* INFORMATION PROVIDED:
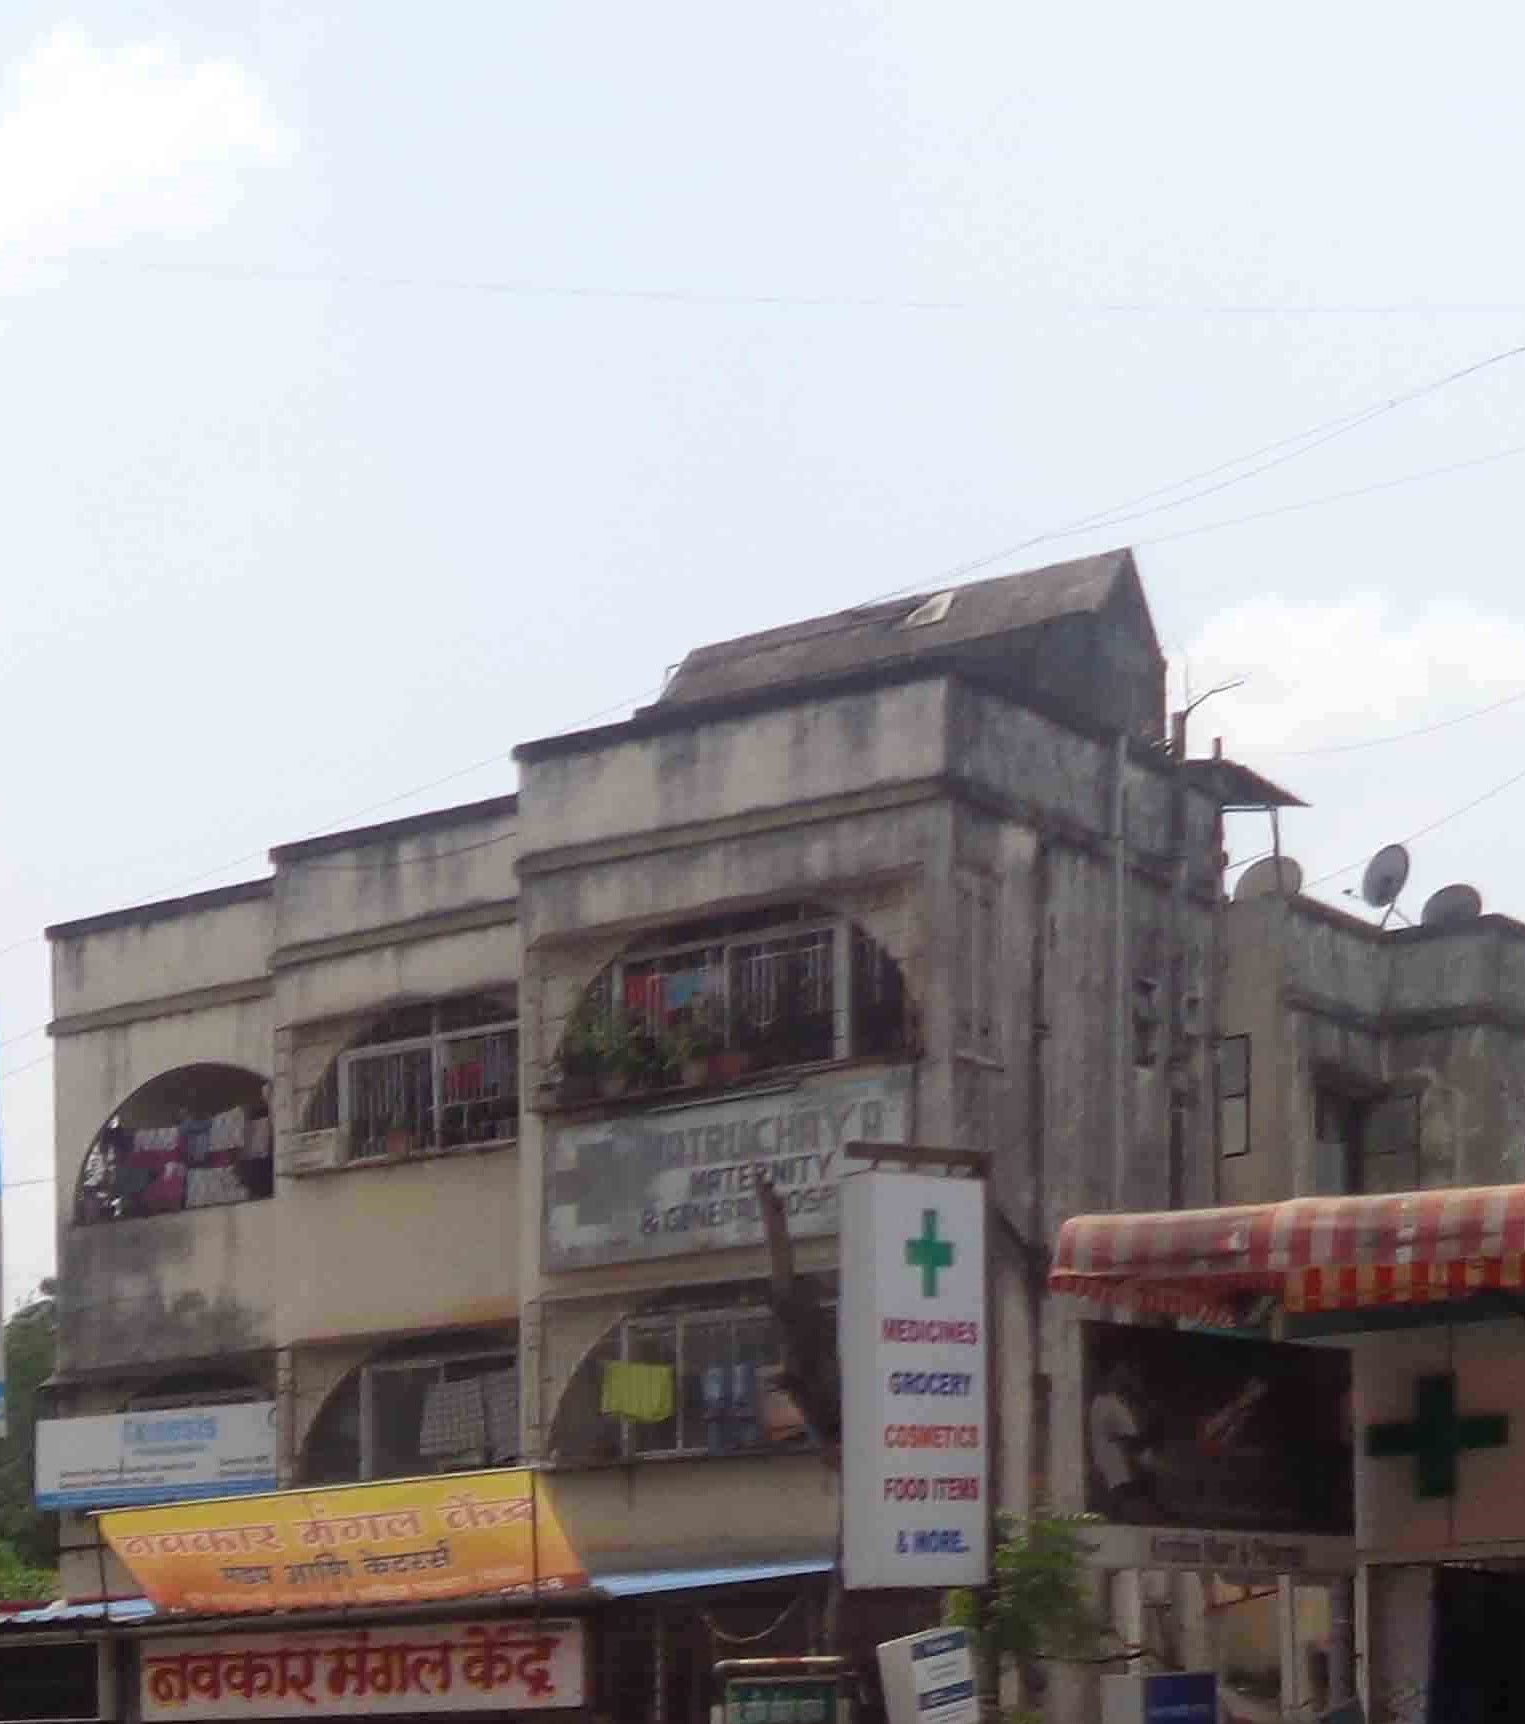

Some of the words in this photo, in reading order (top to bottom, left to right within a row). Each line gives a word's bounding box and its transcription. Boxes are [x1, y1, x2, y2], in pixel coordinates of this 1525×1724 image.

[882, 1318, 978, 1345] MEDICINES
[890, 1371, 972, 1397] GROCERY
[883, 1424, 979, 1449] COSMETICS
[883, 1476, 929, 1502] FOOD
[931, 1476, 979, 1502] ITEMS
[146, 1648, 321, 1705] नवकार
[322, 1631, 451, 1698] मंगल
[453, 1625, 562, 1697] केंद्र

* WORK INSTRUCTIONS:
Copy out the entries exactly. No pictures.

* SOLUTION FOR THIS PROBLEM:
Some of the words in this photo, in reading order (top to bottom, left to right within a row). Each line gives a word's bounding box and its transcription. Boxes are [x1, y1, x2, y2], in pixel coordinates of this 1525×1724 image.

[882, 1318, 978, 1345] MEDICINES
[890, 1371, 972, 1397] GROCERY
[883, 1424, 979, 1449] COSMETICS
[883, 1476, 929, 1502] FOOD
[931, 1476, 979, 1502] ITEMS
[146, 1648, 321, 1705] नवकार
[322, 1631, 451, 1698] मंगल
[453, 1625, 562, 1697] केंद्र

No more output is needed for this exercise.